A year later my husband died in a plane crash and I realized how inconsiderate and selfish I had been. All of the focus had been on me and so little thought was on them. If I had really been concerned then I would have made myself available to help. The way we help people through grief is not in the things that we say, but in the caring that we show through consistent support.
What are some of things NOT to say or do to a person who is grieving?
1.”How are you doing?”
So many people asked me this and sometimes I just wanted to scream, “Really? How do you think I am doing? My husband just died in a plane crash!” But instead I just forced a smile and tried to reassure everyone that I was okay when inside I was barely holding it together.
2. “They are in a better place.” “You will be with them again.” “God needed them more.”
Okay, so I am a very religious person. I believe in heaven and life after death, but the best place I felt my husband could have been was with me and my four children. He wasn’t sick, he wasn’t old. Death was not some form of relief. Death took him away from us. I needed him. Furthermore, I was 38 and our reunion seemed like an eternity to me. I didn’t need anyone to explain my religious views to me. People who are grieving need to process and come to their own conclusions. This may make outsiders feel better about the loss, but it is not comforting to the grieving family. Let them process without your opinions.
3. “I understand how you feel. I lost my grandmother…. or my niece… or my dog… something like that.”
Don’t make vain attempts to empathize. The lost of a husband is nothing like the loss of a grandmother, niece or a pet. When I lost my husband another young widow wrote me a letter and she said, “I do not pretend to understand how you feel. Every loss is unique.” Even though she had also lost a spouse she acknowledged that also she empathized she did not completely understand all of my feelings. This was such a comforting statement.
4. “We just can’t believe it. This is just so horrible.”
Don’t dump your grief on the grieving family. Process your own grief without involving those that are most closely related to the death. When friend after friend repeats these sentiments, it is very emotionally draining on the family. They find themselves in the place of comforting everyone else. Don’t make statements that require the grieving family to comfort you.
5. “What happened?”
The family has to relive the events over and over again in their minds. If they do not volunteer this information, do not ask to satisfy your own curiosity. Retelling events is very emotionally draining.
6. For the loss of a spouse…”You are young, you will find someone else.”
This was the last thing on earth that I wanted to hear. I was not even remotely thinking about the possibility of remarriage. In fact I was absolutely against it. Let the grieving person figure their future out at a later date.
7. For the loss of a child… “You can have another one.” or “At least you have other children.”
Replacement does not fix loss. Suggesting this devalues the person that is gone. When you loose a loved one, you want them to be remembered, not replaced.
8. “At least you had …..years together.”
These types of realizations and feelings of gratitude come from within the person grieving and over time. A statement like this normally brings to mind all of the years that they will not have with their loved one, and does not bring comfort.

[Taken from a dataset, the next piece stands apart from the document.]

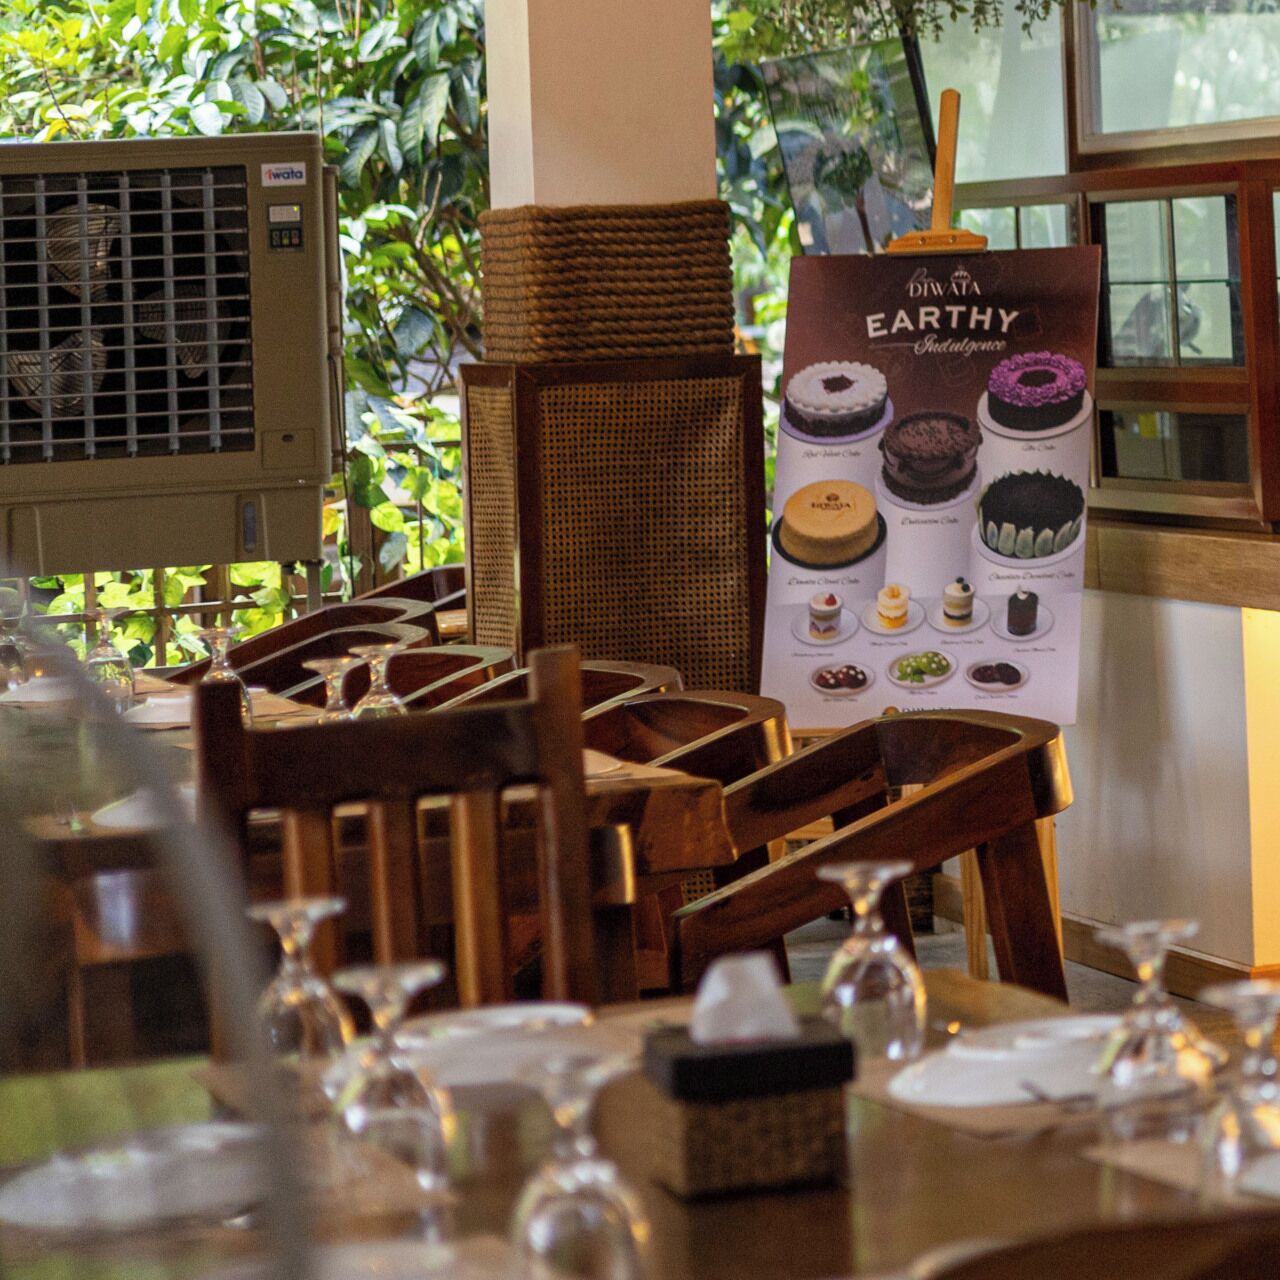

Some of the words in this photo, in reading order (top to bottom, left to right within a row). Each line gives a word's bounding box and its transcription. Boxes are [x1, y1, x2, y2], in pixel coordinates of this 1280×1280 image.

9. “Call if you need anything.”
A grieving person is not going to call. Tell them you are going to call and then follow through. Go over and sit with them, just listen and be observant to discover their needs. Make specific suggestions of what you would like to do to help, but respect their privacy. If you are a close friend you can offer to do more.
The next time you are face to face with someone who is in deep pain. Stop for a minute. Put yourself aside and step into their shoes. Offer a sincere and heartfelt expression of sympathy such as…
“I’m so very sorry — I cannot imagine the pain that you are in right now”.
Then go home and think of what you can do to demonstrate caring and support. Remember that although your friend and loved one may put on a brave face, that they will bear the marks of this wound for the rest of their life. They will need that caring and support long after the funeral flowers have wilted and even past the first year. In the end, it is not the expressions of sympathy that we give right after the death, but it is in the actions of sympathy that we show from then on.